Step S303: judging whether the operation can be stopped, if not, entering the step S304; if yes, go to step S305;
if the best solution (the particle with the highest target label prediction score) recorded at present can make the model classification wrong, which indicates that a successful confrontation sample has been found, the search is stopped and the sample is output. Otherwise, after the particle speed and the position are updated and mutation operation is performed, the operation of recording the particles with the highest target label prediction score given by the target model in the particle swarm and the position with the highest target label prediction score in each particle in the past iteration is returned to be performed until the searching is stopped and the corresponding confrontation sample is output when the recorded optimal solution is determined to be the confrontation sample.
Step S304: and updating the speed and the position of the particle, carrying out mutation, returning to the step S302, and carrying out a new iteration.
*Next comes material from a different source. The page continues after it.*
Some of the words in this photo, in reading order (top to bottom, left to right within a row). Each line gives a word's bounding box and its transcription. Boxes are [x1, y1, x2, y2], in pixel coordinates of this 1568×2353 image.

At each iteration, the velocity of the particle is updated as follows:
Figure GDA0003914682180000081
in the formula, in the following formula,
Figure GDA0003914682180000082
the d-dimensional velocity of the nth particle, omega is an inertia factor decreasing with the number of iterations,
Figure GDA0003914682180000083
the position of the nth particle in dimension d,
Figure GDA0003914682180000084
the position of the d-th dimension is solved for the historical best solution of the nth particle,
Figure GDA0003914682180000085
to solve the location of dimension d globally, I (a, b) is defined as:
Figure GDA0003914682180000091
after the velocity update is completed, the particles need to undergo a two-step position update. The first step is to move to the historical optimal solution of each particle, and the moving probability is P i . The second step moves to the global optimal solution with the moving probability of P g . Wherein P is i And P g Update with iteration number:
Figure GDA0003914682180000092
Figure GDA0003914682180000093
wherein 1 > P max >P min More than 0 is a predefined hyper-parameter, T is the current iteration number, and T is the maximum iteration number.
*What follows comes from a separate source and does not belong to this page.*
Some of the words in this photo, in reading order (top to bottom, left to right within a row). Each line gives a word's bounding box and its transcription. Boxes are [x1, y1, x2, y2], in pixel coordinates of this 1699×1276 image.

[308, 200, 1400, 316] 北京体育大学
In the examples of the present invention, P i And P g Updated with the number of iterations, and P i And P g All are constant settings, under which P is set i Decreases as the number of iterations increases, P g The particles are searched in respective nearby spaces at the initial stage of searching to search more unknown spaces, and are searched near the currently found optimal solution at the later stage of searching to converge to the optimal solution as soon as possible. Through experimental verification, under the same limitation of the maximum iteration number, the set ratio P is i And P g The attack success rate is set to be 10-15% higher when the attack success rates are all constant.
At each step of position update, once the particle determines to move, its probability of moving in each dimension is
Figure GDA0003914682180000094
After updating the velocity and position, each particle in the population of particles has a probability P m To carry outAnd (5) performing mutation operation.
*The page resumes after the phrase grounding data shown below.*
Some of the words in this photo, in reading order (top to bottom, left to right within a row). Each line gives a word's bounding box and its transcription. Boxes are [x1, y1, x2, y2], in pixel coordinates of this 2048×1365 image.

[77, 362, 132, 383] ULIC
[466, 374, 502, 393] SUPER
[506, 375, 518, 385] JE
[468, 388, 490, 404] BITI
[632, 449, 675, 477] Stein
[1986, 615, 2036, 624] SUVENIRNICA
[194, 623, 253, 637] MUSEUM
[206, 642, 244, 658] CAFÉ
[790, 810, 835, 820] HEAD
Step S305: the search is stopped and the sample is output as a challenge sample.
According to the embodiment of the invention, the alternative word candidate set is generated for the words in the original text through the sememe, and meanwhile, the countermeasure sample capable of successfully attacking the target model is searched in the discrete space formed by combining the alternative word candidate set through the particle swarm optimization algorithm. The method can efficiently generate a large amount of high-quality countermeasure samples aiming at different natural language processing models, successfully deceive a target model, further expose the vulnerability of the target model, and has good practicability.
Fig. 4 shows a block diagram of a structure of a device for generating a countermeasure sample, which specifically includes:
an obtaining module 401, configured to obtain an original text;
a determining module 402, configured to determine a candidate set of replacement words for each word in the original text;
a generating module 403, configured to search, based on a particle swarm optimization algorithm, a sample of an attack target model from a discrete space formed by the combination of the candidate replacement word sets, and generate a countermeasure sample.
Further, the determining module 402 may further include:
the labeling unit is used for labeling the part of speech of each word in the original text;
the first determining unit is used for acquiring the semantic labels of each semantic item of each word under the same part of speech, and determining the words with the same semantic label and the same part of speech as candidate replacement words;
and the second determining unit is used for determining the set formed by the candidate replacement words as the candidate set of replacement words.
Further, the labeling unit is specifically configured to: determining the original text as a Chinese text, performing word segmentation operation on the original text, and labeling the part of speech of each word after word segmentation; determining that the original text is an English text, restoring each word in the original text to an original shape, and labeling the part of speech of each restored word.
On the basis of any of the above embodiments, the generating module 403 is specifically configured to: copying the original text k times to obtain initial samples, performing variation operation on each initial sample to generate a new particle swarm, wherein each particle in the particle swarm is a varied sample; during each iteration, recording the particles with the highest target tag prediction score given by the target model in the particle swarm and the position with the highest target tag prediction score in each particle iteration; and stopping searching and outputting the countermeasure sample when the recorded optimal solution is determined as the countermeasure sample, otherwise, updating the particle speed and the particle position, returning and executing the operation of the particle with the highest target label prediction score given by the target model in the recorded particle swarm and the position with the highest target label prediction score in each particle iteration after performing mutation operation, and stopping searching and outputting the corresponding countermeasure sample when the recorded optimal solution is determined as the countermeasure sample.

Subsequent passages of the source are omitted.